Повелитель Вселенной
Шрифт:
Она посмотрела направо, где Номалан, жена Джамухи, сидела с Бортэ. Номалан-уджин склонила голову, она, видимо, боялась мужа так же, как, говорят, боялись его подданные. Лицо у нее было маленькое под громоздким головным убором, а ее тело, несмотря на беременность, казалось под халатом худым.
Оэлун подумала, что эта девушка слаба духом. Женщины сплетничали, что Джамуха редко бывал в ее постели и до того, как узнал о ее беременности. Бортэ тихо разговаривала с Номалан, покачивая зыбку с Джучи. Тэмуджин считал мальчика своим. Оэлун не осмелилась бы это оспаривать.
У
Тэмулун ерзала рядом с Оэлун.
— Долго еще ждать? — шепотом спросила девочка.
— Тише, — ответила Оэлун.
Родственник Джамухи вел гнедую лошадь, захваченную у мэркитов, к холму. За ним следовал Хасар, ведя рыжую кобылу с черной гривой.
— Хачун сказал, что Тэмуджин разрешил ему поехать с ним в новый набег, — проговорила Тэмулун. — Я стреляю не хуже него. Почему бы мне не поехать, когда вырасту?
— Не болтай глупости, — прошептала Хокахчин. — Тебя уже просватают, когда тебе будет столько лет, сколько Хачуну — ты будешь готовиться к свадьбе.
Под большим деревом сидели Тэмуджин и Джамуха. Рядом стояли четыре шамана, раскачиваясь и негромко потряхивая своими мешками с костями. У Оэлун закололо в шее. Она гадала, что сказали духи шаманам перед тем, как они назначили время для этого праздника, и что ее сын и его анда скажут сегодня своим людям.
Оба вождя встали, и все собравшиеся между холмом и куренем замолкли. Тэмуджин поднял руку, то же сделал и Джамуха.
— Старики говорят нам, — кричал Тэмуджин, — что когда два человека клянутся быть андами, две их жизни становятся одной.
— Мой анда и я воевали вместе, — добавил Джамуха. — Пора возобновить клятву, которую мы дали в детстве. Мы снова поклянемся на этом месте прямо перед всеми вами.
Мужчины выразили свое одобрение ревом.
— Мы — братья, — сказал Тэмуджин. — Ничто нас не разлучит.
— Мы — братья, — кричал Джамуха, — которые никогда не бросят друг друга. В нас обоих течет одна и та же кровь.
Шаман подал Тэмуджину чашу с кумысом, Тэмуджин полоснул палец ножом, дал крови стечь в кумыс, а потом вручил чашу Джамухе, который сделал то же самое. Джамуха выпил из чаши и отдал ее своему анде, Тэмуджин поднес чашу к губам. Люди у подножья холма потрясали оружием и кричали.
Оэлун дрожала, несмотря на жару. Она чуяла духов, которых призывали шаманы, в широкой тени под кроной дерева. Тэмуджин подозвал брата. Хасар повел к нему рыжую лошадь, а потом вручил Тэмуджину пояс, украшенный толстыми золотыми пластинами.

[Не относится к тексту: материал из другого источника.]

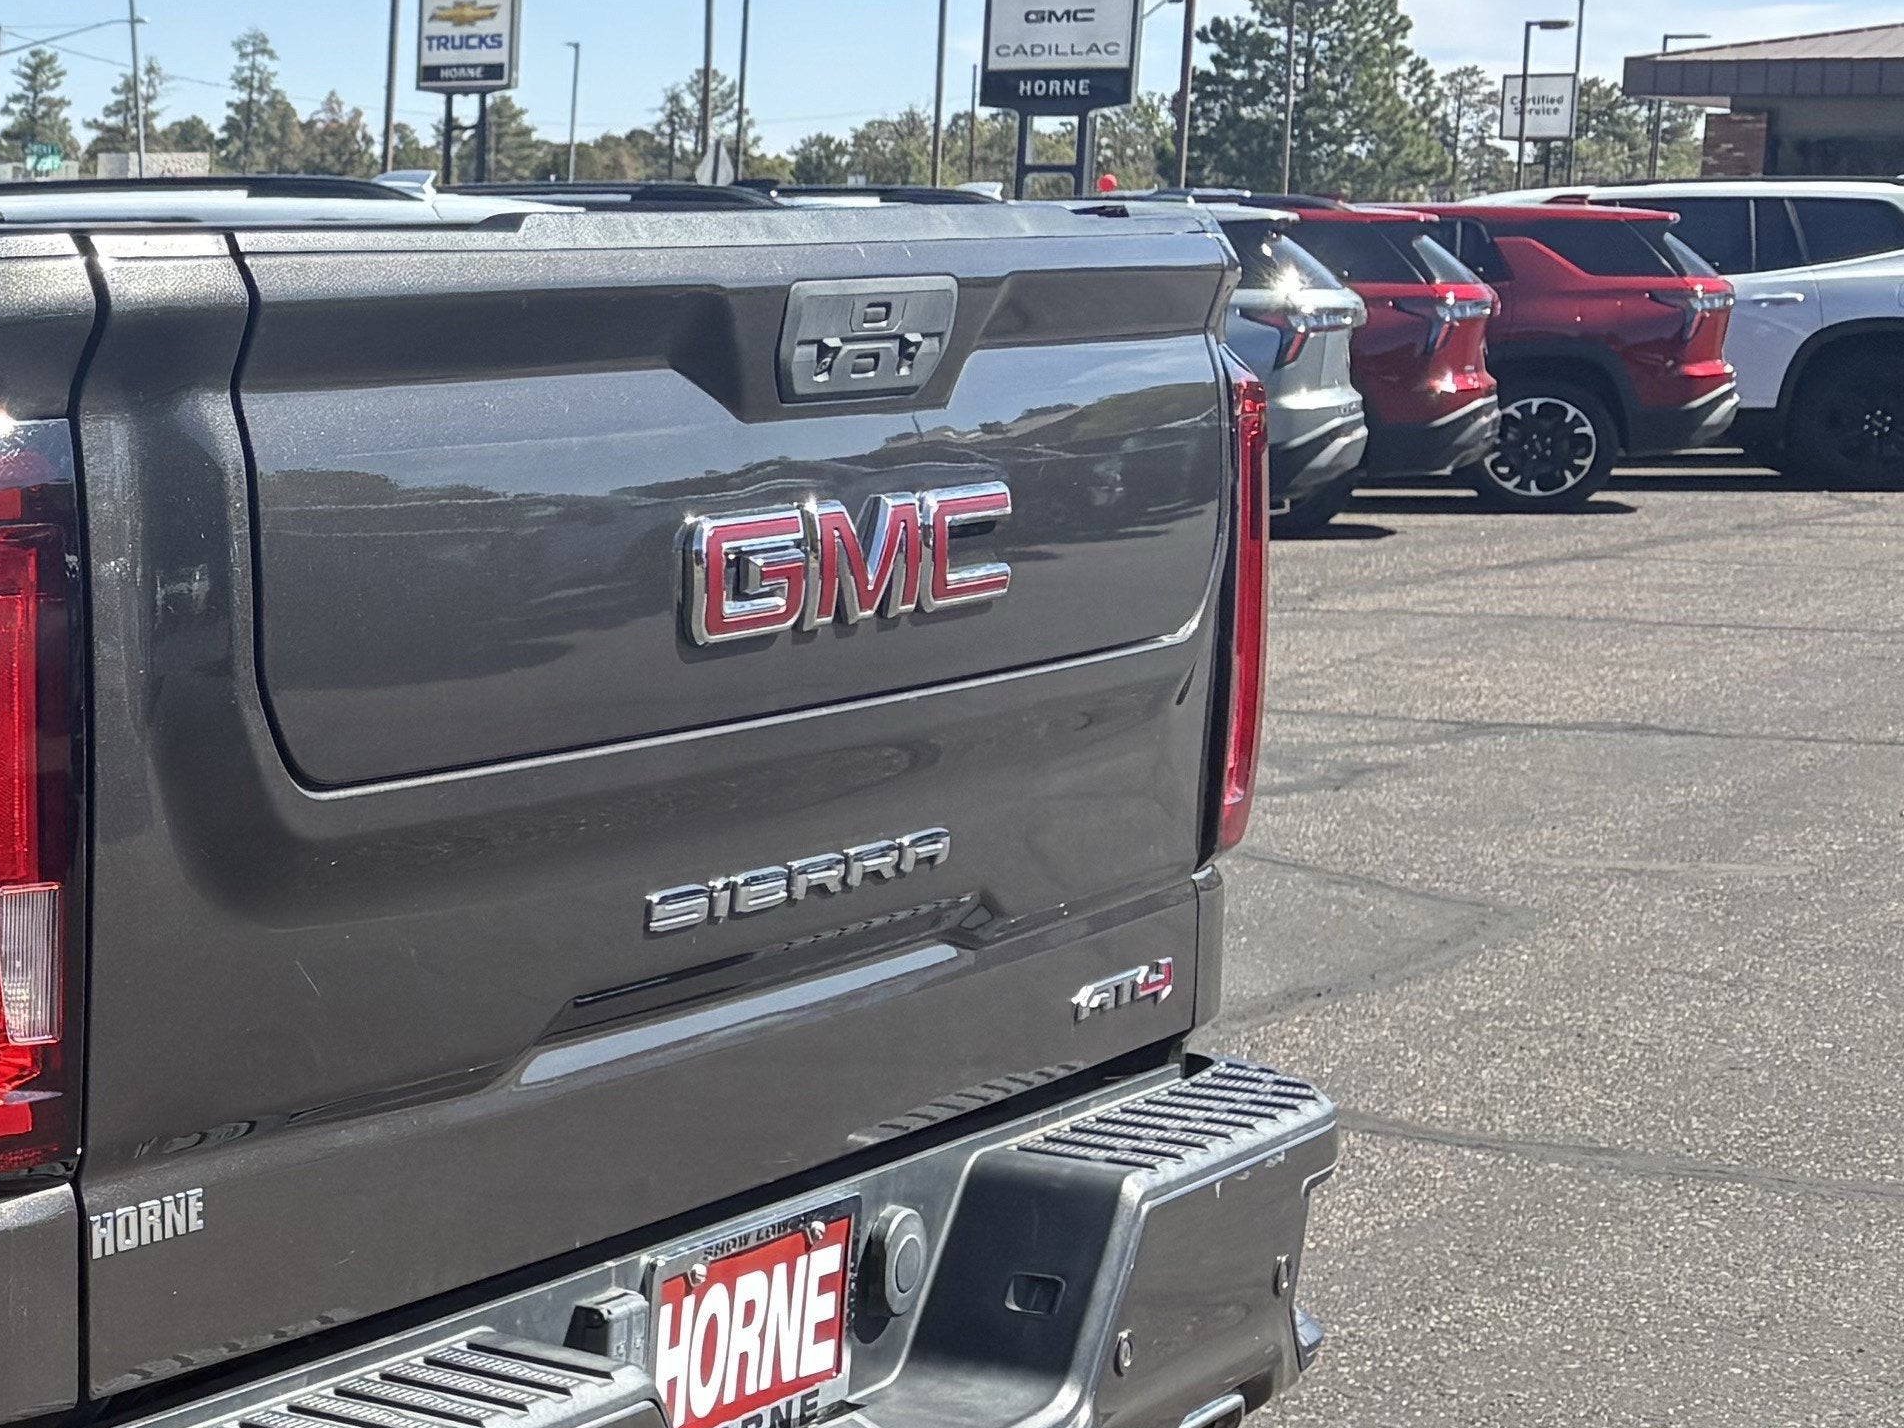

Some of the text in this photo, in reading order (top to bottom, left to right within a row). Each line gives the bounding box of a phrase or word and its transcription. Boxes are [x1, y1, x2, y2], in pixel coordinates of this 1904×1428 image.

Тэмуджин вскинул руки с поясом вверх.
— Вместе с этим подарком, поясом, который я забрал в шатре Токтоха Беки, я вновь даю клятву своему анде. — Он надел пояс на Джамуху. — Я также даю ему эту лощадь, на которую тот мэркит больше никогда не сядет. Пусть она умножит табуны Джамухи.
Джамуха махнул рукой своим родственникам. К нему подошел человек с гнедой лошадью и другим золотым поясом.
— Я возобновляю мои узы с моим андой, — сказал Джамуха, — даруя ему этот пояс из военной добычи, взятой в курене Дайра Усуна. — Он надел пояс на Тэмуджина. — И пусть эта кобыла, которую я отобрал у наших врагов, умножит табуны моего брата.
Солнце, сверкавшее на сотнях наконечников поднятых копий, на мгновение ослепило Оэлун, рев толпы оглушал. Оба молодых человека сели на своих лошадей и объехали по кругу вершину холма, а их люди кричали и топали ногами.
— Да не расстанемся мы никогда! — кричал Джамуха. — Те, что идут за мной, вдут и за Тэмуджином. Те, что идут за ним, также и мои товарищи!
— Наши люди едины! — кричал Тэмуджин. — Как едины мой анда и я.
Они спешились, соединили руки и влезли на пригорок. Шаманы пели и били в барабаны. Голоса слились в гортанную песню, а Тэмуджин и Джамуха плясали вместе под могучими ветвями большого дерева.
«Ты знаешь, что это значит? — нашептывал голос внутри Оэлун. — Когда-то я мечтал плясать под этим деревом, как это делал мой дядя со своими людьми». Это говорил с ней дух Есугэя. Хутула плясал под этим деревом, когда курултай провозгласил его ханом, и ее сын делает то же самое, но с Джамухой, как будто оба они претендуют на место Хутулы. Она заметила Даритая среди людей, он был неподвижен и молчалив, а вокруг него кричали и топали ногами.
Выплясывая, Джамуха и Тэмуджин высоко поднимали колени. Ханами оба быть не могли. Одно солнце светит на Небе, только один хан может быть у людей. Оэлун чувствовала, как духи пляшут вместе с двумя людьми под деревом, и присутствует сам Хутула, повторяя старую пляску. Один хан будет править в свое время. Духи предков Тэмуджина, разумеется, будут покровительствовать ему. Она сожжет жир в огне во время пира, чтобы накормить этих духов. Оэлун склонила голову и молилась, чтобы правил сын.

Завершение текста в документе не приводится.